== Dataset extract
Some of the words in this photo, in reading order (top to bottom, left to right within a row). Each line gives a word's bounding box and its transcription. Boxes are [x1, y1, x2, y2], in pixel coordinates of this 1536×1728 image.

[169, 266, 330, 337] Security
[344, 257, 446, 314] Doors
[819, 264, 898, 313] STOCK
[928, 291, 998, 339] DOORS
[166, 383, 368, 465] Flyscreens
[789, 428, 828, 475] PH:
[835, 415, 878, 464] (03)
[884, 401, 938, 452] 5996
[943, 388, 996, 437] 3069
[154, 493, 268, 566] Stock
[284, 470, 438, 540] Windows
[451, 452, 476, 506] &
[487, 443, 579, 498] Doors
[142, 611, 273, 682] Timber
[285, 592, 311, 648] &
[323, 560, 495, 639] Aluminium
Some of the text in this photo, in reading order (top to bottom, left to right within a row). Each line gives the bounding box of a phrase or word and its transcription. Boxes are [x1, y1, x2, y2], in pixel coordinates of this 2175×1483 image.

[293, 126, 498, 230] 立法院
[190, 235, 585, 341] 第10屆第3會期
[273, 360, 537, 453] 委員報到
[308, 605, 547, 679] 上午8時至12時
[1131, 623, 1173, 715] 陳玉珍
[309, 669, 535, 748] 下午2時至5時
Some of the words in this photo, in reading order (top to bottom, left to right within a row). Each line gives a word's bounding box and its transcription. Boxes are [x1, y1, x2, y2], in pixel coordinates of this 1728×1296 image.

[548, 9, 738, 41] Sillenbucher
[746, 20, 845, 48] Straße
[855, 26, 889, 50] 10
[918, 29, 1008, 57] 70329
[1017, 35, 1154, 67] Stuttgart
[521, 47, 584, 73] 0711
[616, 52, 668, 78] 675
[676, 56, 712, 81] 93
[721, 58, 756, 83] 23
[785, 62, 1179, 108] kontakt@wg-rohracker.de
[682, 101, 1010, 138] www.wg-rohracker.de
====
Print the entries above exactly as they were written, down to the last line.

Some of the words in this photo, in reading order (top to bottom, left to right within a row). Each line gives a word's bounding box and its transcription. Boxes are [x1, y1, x2, y2], in pixel coordinates of this 1536×1728 image.

[169, 266, 330, 337] Security
[344, 257, 446, 314] Doors
[819, 264, 898, 313] STOCK
[928, 291, 998, 339] DOORS
[166, 383, 368, 465] Flyscreens
[789, 428, 828, 475] PH:
[835, 415, 878, 464] (03)
[884, 401, 938, 452] 5996
[943, 388, 996, 437] 3069
[154, 493, 268, 566] Stock
[284, 470, 438, 540] Windows
[451, 452, 476, 506] &
[487, 443, 579, 498] Doors
[142, 611, 273, 682] Timber
[285, 592, 311, 648] &
[323, 560, 495, 639] Aluminium
Some of the text in this photo, in reading order (top to bottom, left to right within a row). Each line gives the bounding box of a phrase or word and its transcription. Boxes are [x1, y1, x2, y2], in pixel coordinates of this 2175×1483 image.

[293, 126, 498, 230] 立法院
[190, 235, 585, 341] 第10屆第3會期
[273, 360, 537, 453] 委員報到
[308, 605, 547, 679] 上午8時至12時
[1131, 623, 1173, 715] 陳玉珍
[309, 669, 535, 748] 下午2時至5時
Some of the words in this photo, in reading order (top to bottom, left to right within a row). Each line gives a word's bounding box and its transcription. Boxes are [x1, y1, x2, y2], in pixel coordinates of this 1728×1296 image.

[548, 9, 738, 41] Sillenbucher
[746, 20, 845, 48] Straße
[855, 26, 889, 50] 10
[918, 29, 1008, 57] 70329
[1017, 35, 1154, 67] Stuttgart
[521, 47, 584, 73] 0711
[616, 52, 668, 78] 675
[676, 56, 712, 81] 93
[721, 58, 756, 83] 23
[785, 62, 1179, 108] kontakt@wg-rohracker.de
[682, 101, 1010, 138] www.wg-rohracker.de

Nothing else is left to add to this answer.